Swedish Vallhund

Temperament: Friendly, Energetic, Watchful

  • Height: 12.5-13.75 inches (male), 11.5-12.75 inches (female)
  • Weight: 20-35 pounds
  • Life Expectancy: 12-15 years
  • Group: Herding Group 

The long and low Swedish Vallhund, Viking Dog of ancient legend, is a smart and sociable herder of dense coat and boundless energy. These rugged cattle dogs are known for their zest for life, unique vocalizations, and cheerful demeanor.

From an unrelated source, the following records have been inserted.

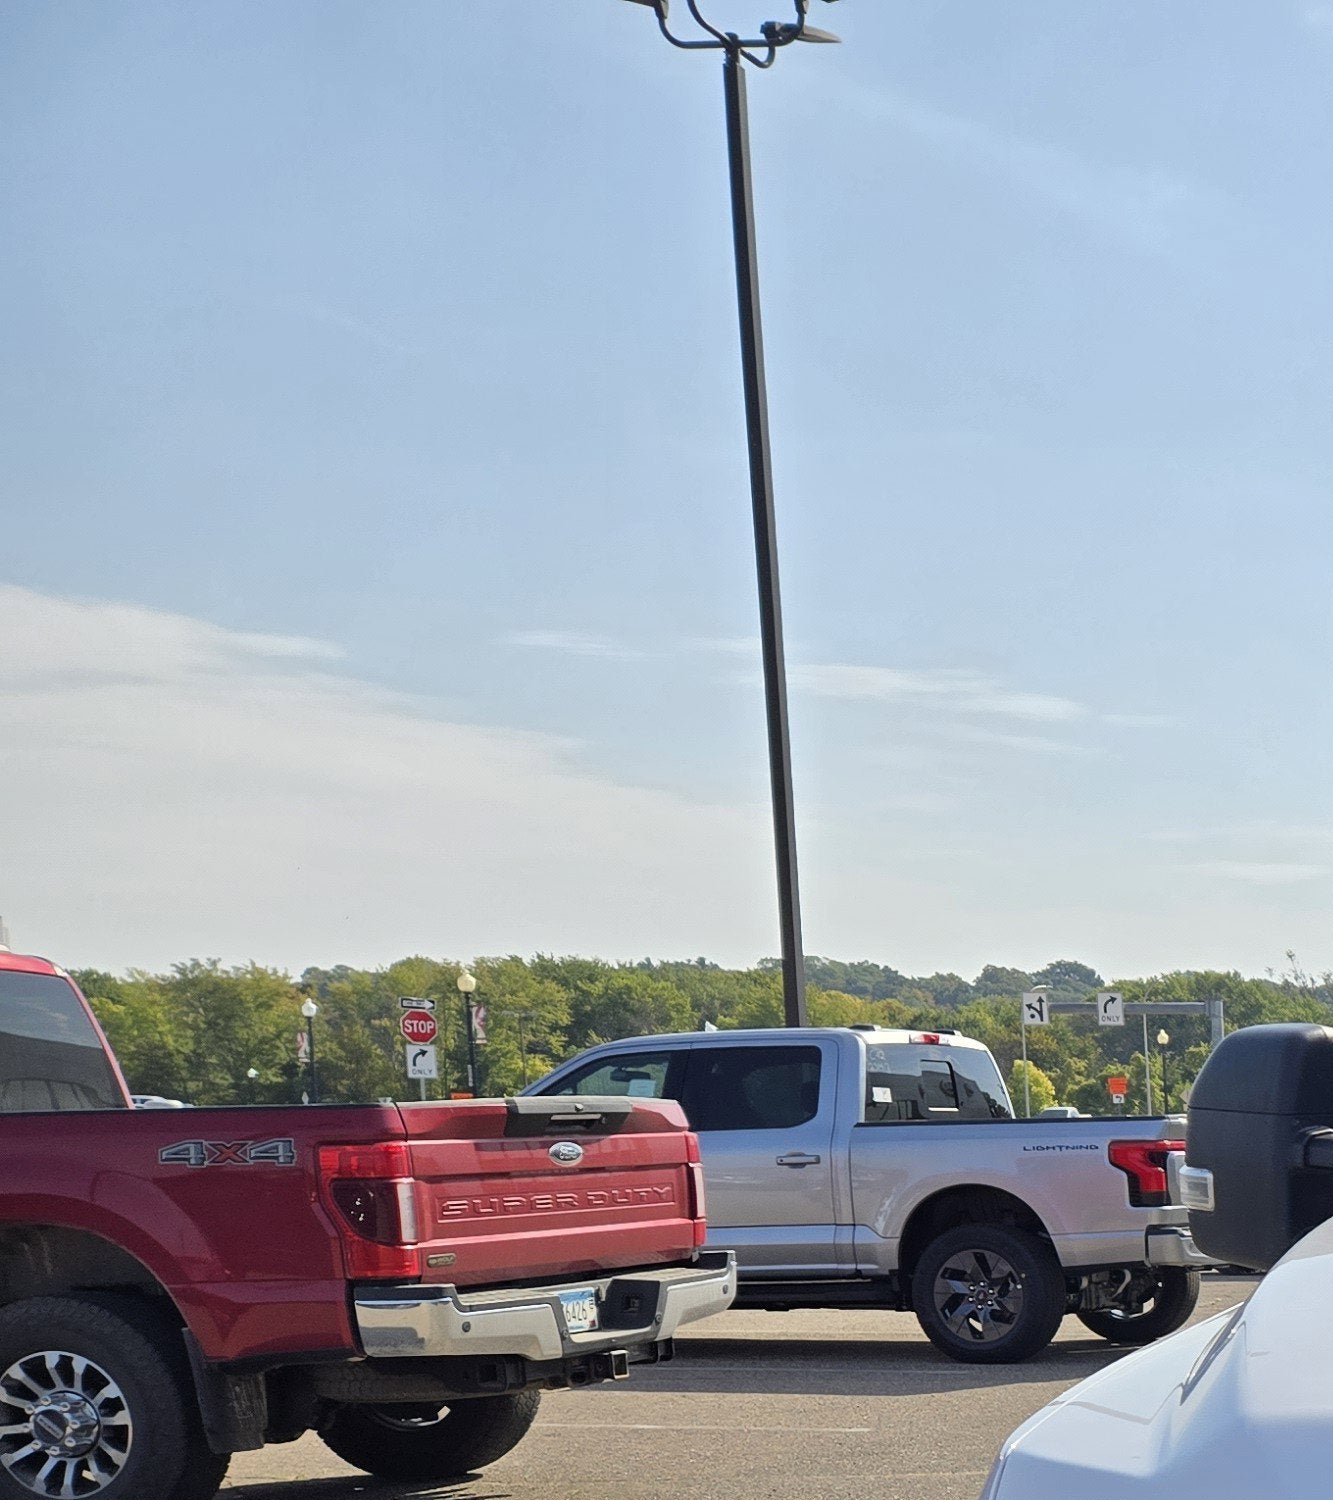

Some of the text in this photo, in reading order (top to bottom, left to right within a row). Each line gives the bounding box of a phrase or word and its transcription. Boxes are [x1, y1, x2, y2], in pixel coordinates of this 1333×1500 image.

[1101, 1015, 1120, 1023] ONLY
[404, 1019, 434, 1034] STOP
[1023, 1144, 1099, 1152] LIGHTNING
[442, 1186, 672, 1216] SUPER DUTY
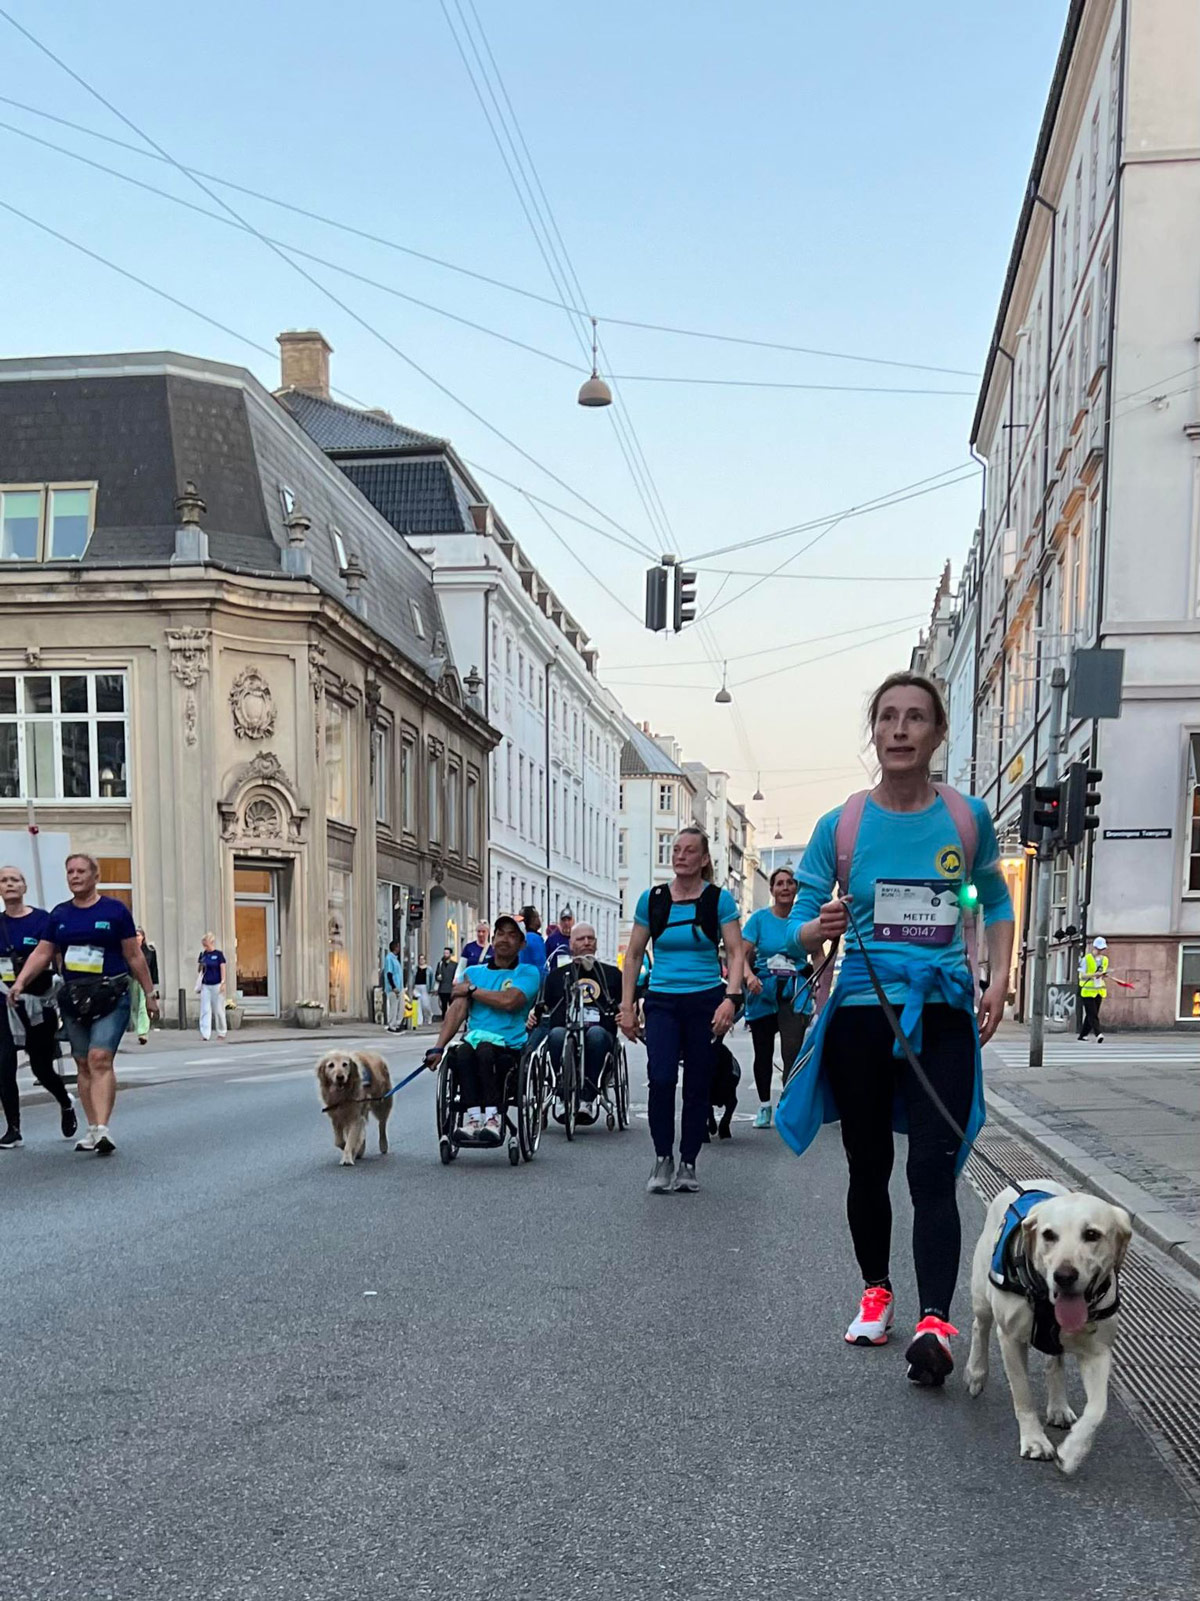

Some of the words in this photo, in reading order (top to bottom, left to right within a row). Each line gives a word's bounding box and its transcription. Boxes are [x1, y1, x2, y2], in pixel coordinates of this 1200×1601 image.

[903, 913, 937, 921] METTE
[882, 927, 891, 936] G
[901, 926, 937, 937] 90147

The Swedish Vallhund is a small, powerful, fearless, sturdily built Spitz herding dog. The correct relationship of height to length of body is 2:3. The SV has a wedge-shaped head, prick ears, and a close-fitting hard coat of medium length and sable coloring. The double coat and the characteristic “harness markings” are essential features of this breed. Tail may be natural (long, stub, or bob) or docked. The appearance of the Swedish Vallhund conveys intelligence, alertness and energy. Balance, outline, temperament and movement are of overriding importance.

About the Swedish Vallhund

With their thick sable coat, sturdy construction, and overall no-frills look, Vallhunds are a timeless breed, as comfortable in a suburban backyard as they were on the prow of Viking long-ships 1,200 years ago. These lively herders are built long and low to the ground—in not quite as exaggerated a fashion as their distant cousins the corgis, but the idea is the same: Their build makes it easier to nip at the heels of cattle and avoid kicks to the head. Balance, power, and smooth movement are breed hallmarks.

NUTRITION The Swedish Vallhund should do well on a high-quality dog food, whether commercially manufactured or home-prepared with your veterinarian’s supervision and approval. Any diet should be appropriate to the dog’s age (puppy, adult, or senior). Most Vallhunds are “easy keepers” and need less food than one would think, even if they’re very active. They tend to become overweight easily, even if they get a lot of exercise. Owners should not free-feed Vallhunds (or any dog)—it’s not normal for dogs to graze, and it makes it difficult to know quickly if the dog isn’t eating well. Learn about which human foods are safe for dogs, and which are not. Check with your vet if you have any concerns about your dog’s weight or diet. Clean, fresh water should be available at all times.

GROOMING Swedish Vallhunds need a good, down-to-the-skin brushing occasionally and a bath when they get dirty. They shed their undercoat twice a year, which will make you wonder just how many dogs you have, going by the snowdrifts of hair. Vallhunds are very easy dogs to manage when it comes to grooming. When they are shedding, a warm bath and good massage when shampooing, followed by drying with a dryer and a thorough brushing, can get rid of the worst of it.

EXERCISE There is quite a bit of individual variability in terms of exercise needs in the breed. Some Swedish Vallhunds have more energy than others. Keep in mind that while this isn’t a breed intended to run all day, the Vallhund is a working farm dog and needs regular exercise. One decent walk daily with some time playing fetch or performing a sport or other activity is likely adequate for most Vallhunds, but some need more. They also need mental exercise in addition to their physical exercise. Puzzle games, clicker training, and participating in a sport can all contribute to their mental and physical well-being.

TRAINING Most Vallhunds should want to work with you; that’s one of the hallmarks of the breed. They do best with positive, reward-based training, since most just need to understand what you want. Keep in mind that this is a cattle-herding breed. They’re strong willed (as they need to be to do their job), and your goal should be to get the dog to work happily with you. Most do extremely well with clicker training, and most are very biddable.

HEALTH Responsible breeders screen their stock for health conditions such as hip dysplasia. A genetic test for an eye issue called Swedish Vallhund retinopathy was developed in 2017; breeders can now identify carriers and breed them accordingly to ensure they do not produce affected offspring.